夜の備前福岡に辿り着いたとき、弥九郎はまず胸の内でため息をついた。

本来なら「今日ここまで来い」などという命は無茶にもほどがある。だが福岡丸を操る九郎右衛門は、もはや常識という枠をどこかに置き忘れているらしい。


もっとも、デカ木島で暮らす者にとっての“普通”は、世間のそれとはまるで別物だった。

あの巨大な戸板をくり抜いて作った木材の塊が、一刻もかからず舟に姿を変えたときも驚いたが――いや、あれは舟と呼ぶべきではない。水上を駆ける獣のような、まるで水上バイクである。


船底から水を吸い上げ、後方へ圧力をかけて噴き出す。

その反動で浅瀬すら跳ねるように進む。

西の大川から阿知潟を抜け、東の大川へ。

月の欠片のような光だけを頼りにしても、反刻ほどで備前福岡に着いてしまうのだから、驚嘆以外の言葉がない。
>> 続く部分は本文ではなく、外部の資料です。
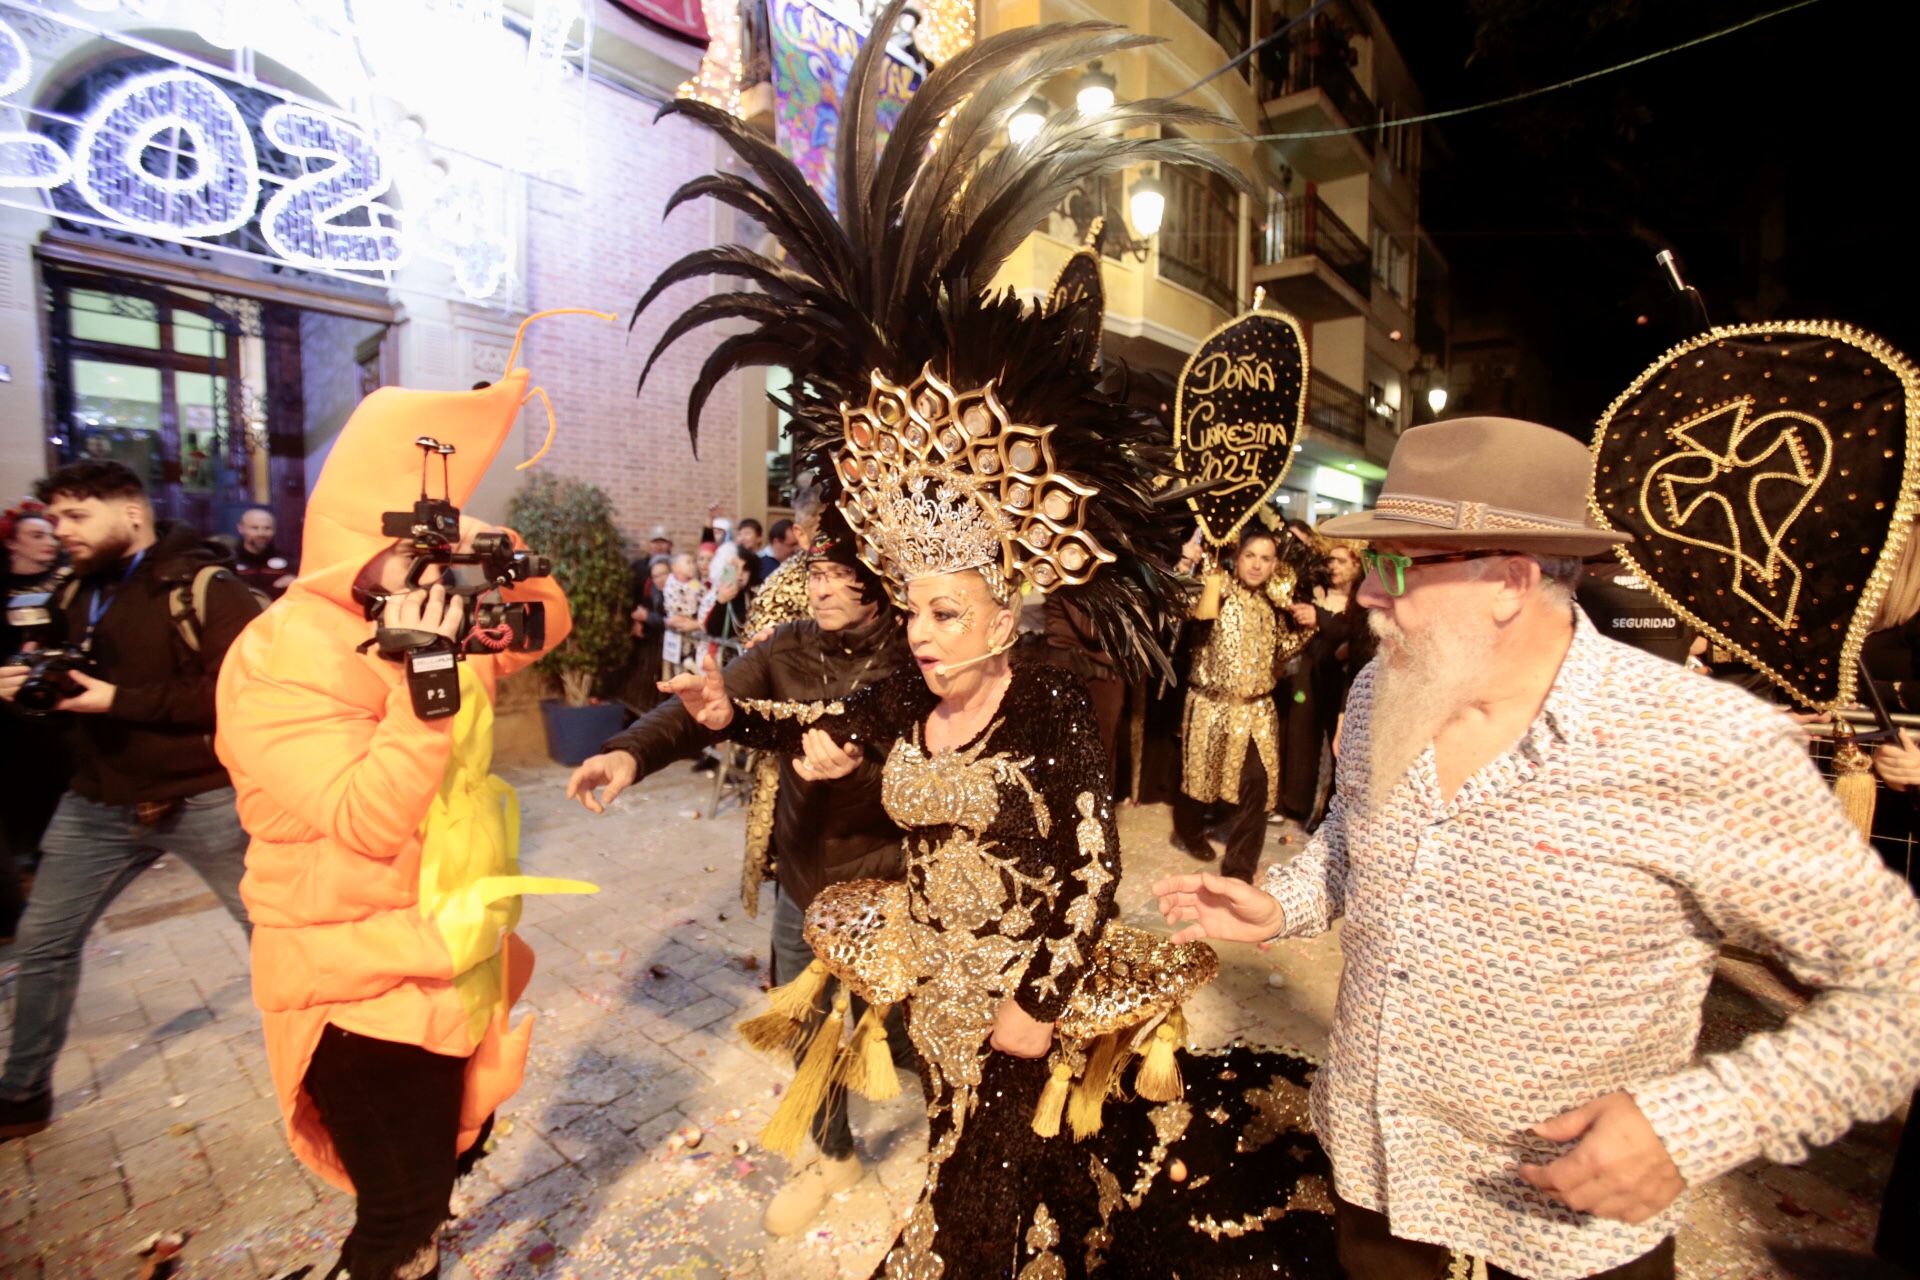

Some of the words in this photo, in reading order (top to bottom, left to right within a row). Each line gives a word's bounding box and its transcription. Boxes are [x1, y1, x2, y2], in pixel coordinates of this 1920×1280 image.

しかも素材が健司の一部であるせいか、ほとんど自動で進路を取ってくれる。傷も勝手に塞がるというのだから、もはや妖の類である。


「アーグス、帰りも頼むね」


港に降り立つと、弥九郎が声をかけた途端、アーグスと名付けられた舟は葦の影へと静かに沈んでいった。


「さて、魚屋は……」


昼間の喧騒が嘘のように、町は夕餉を終えた家々の灯りがひとつ、またひとつと消えていく頃合いだった。

潮の匂いと、遠くで鳥が、”ギャー”と鳴く声だけが夜気に残っている。


魚屋の前には、九郎右衛門が腕を組んで立っていた。


「おお、弥九郎。よう来たなぁ。

 ほんなら行こか」


「はい。え……どこへ行くんです?」


「十二支の会合じゃ。言うても全員揃うわけじゃぁ無ーけどの」


九郎右衛門はそう言って歩き出す。

弥九郎は首を傾げながらも後に続いた。


辿り着いたのは、福岡千軒の象徴ともいえる 如水堂 だった。


備前福岡といえば商都として名高いが、その中でも如水堂は別格だ。

「目薬といえば如水堂」

そう言われるほどで、遠国からわざわざ この玲珠膏 を求めてやって来る者も少なくない。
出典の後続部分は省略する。